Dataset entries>
____
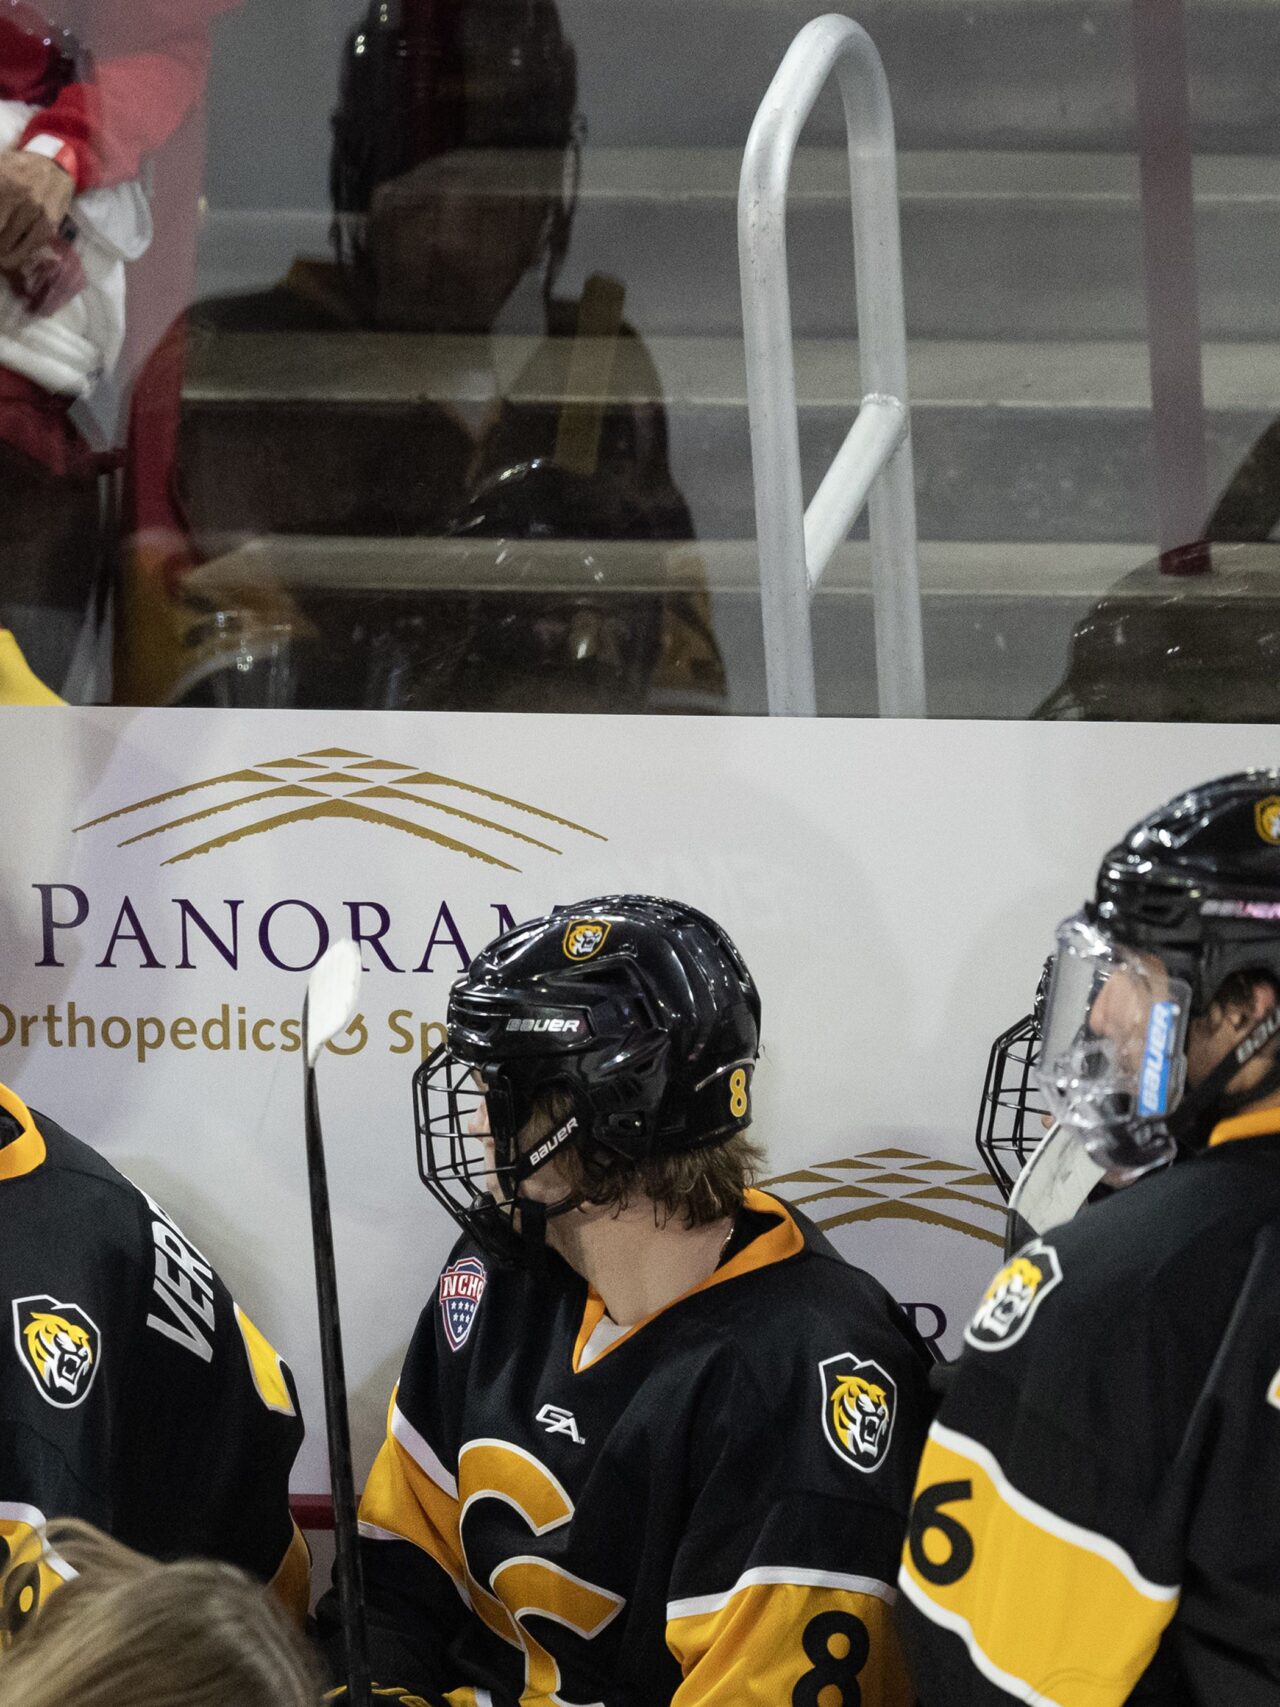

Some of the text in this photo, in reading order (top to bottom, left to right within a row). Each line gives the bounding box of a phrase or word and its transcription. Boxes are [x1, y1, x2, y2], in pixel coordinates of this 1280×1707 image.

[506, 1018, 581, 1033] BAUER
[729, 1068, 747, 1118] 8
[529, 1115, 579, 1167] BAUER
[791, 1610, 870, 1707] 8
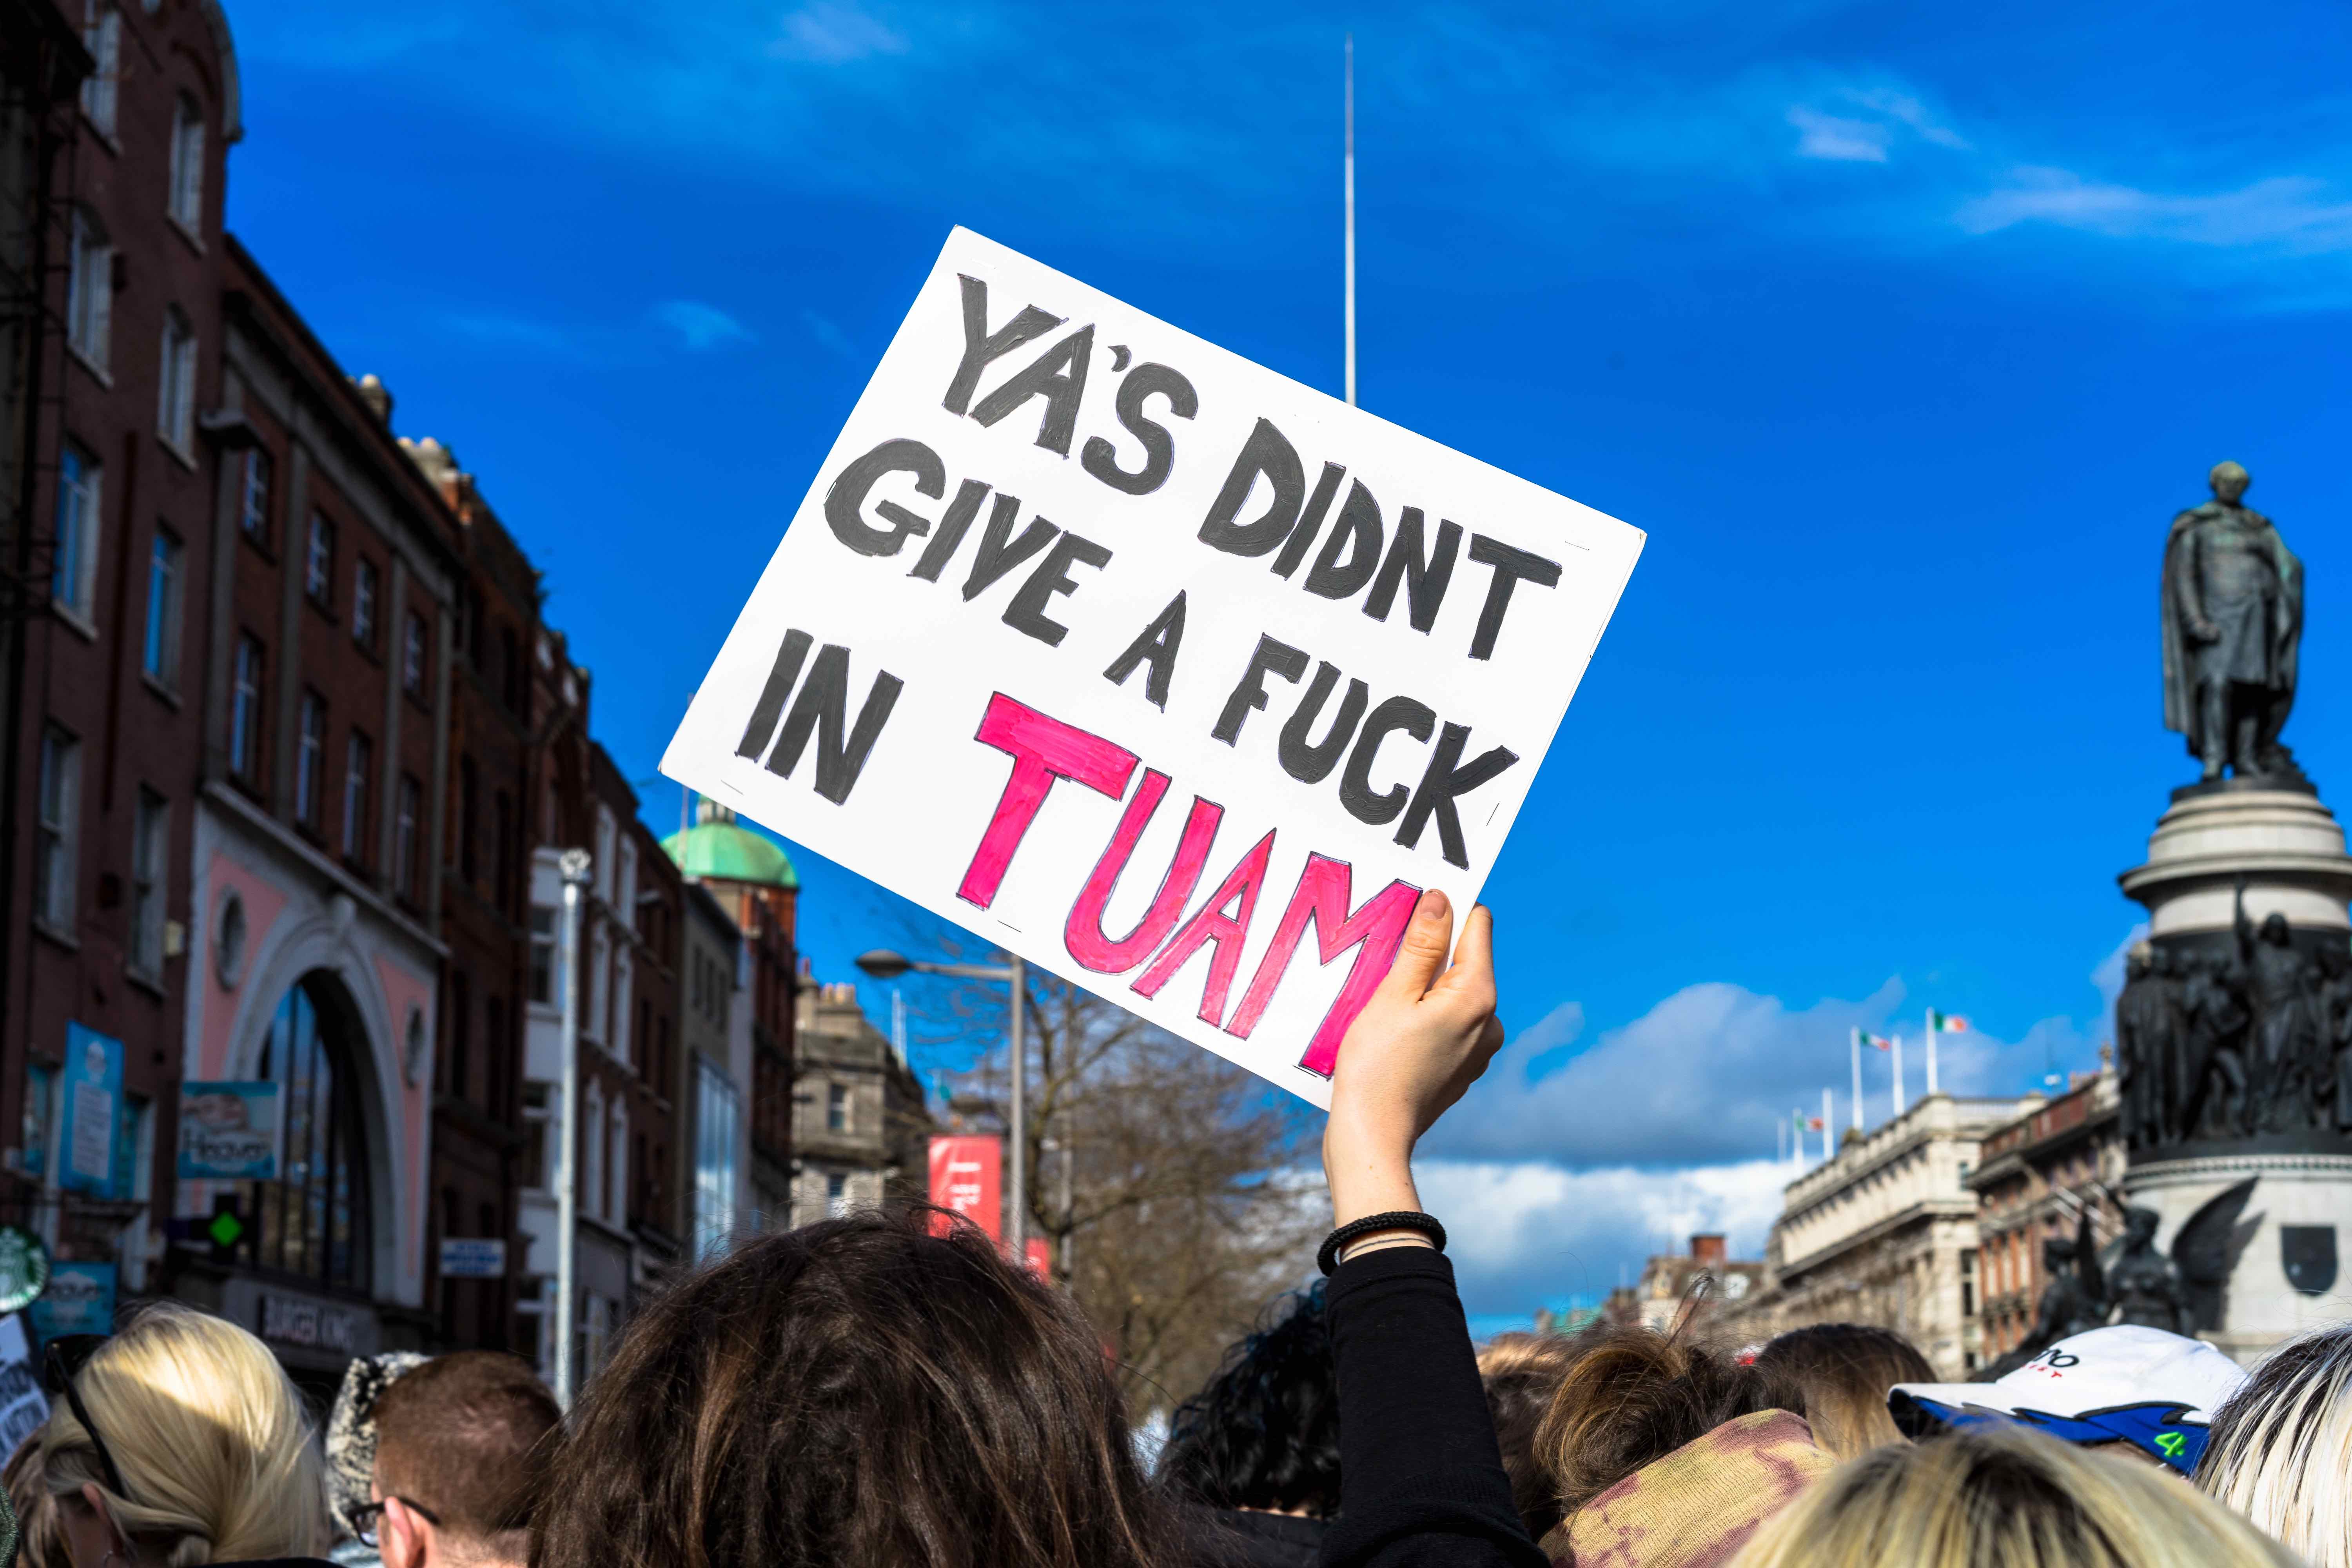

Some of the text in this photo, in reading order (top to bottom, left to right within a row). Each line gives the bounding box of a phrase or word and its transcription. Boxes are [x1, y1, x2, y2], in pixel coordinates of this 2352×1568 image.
____
Your goal>
Every line above is to be returned exactly, with its pictures removed.

Solution to the exercise>
Some of the text in this photo, in reading order (top to bottom, left to right within a row). Each line gives the bounding box of a phrase or word and its transcription. Boxes are [x1, y1, x2, y2], in pixel coordinates of this 1280×1707 image.

[506, 1018, 581, 1033] BAUER
[729, 1068, 747, 1118] 8
[529, 1115, 579, 1167] BAUER
[791, 1610, 870, 1707] 8

Some of the text in this photo, in reading order (top to bottom, left to right within a row). Each line gives the bounding box of a phrase or word and its transcription. Boxes are [x1, y1, x2, y2], in pixel coordinates of this 2352×1568 image.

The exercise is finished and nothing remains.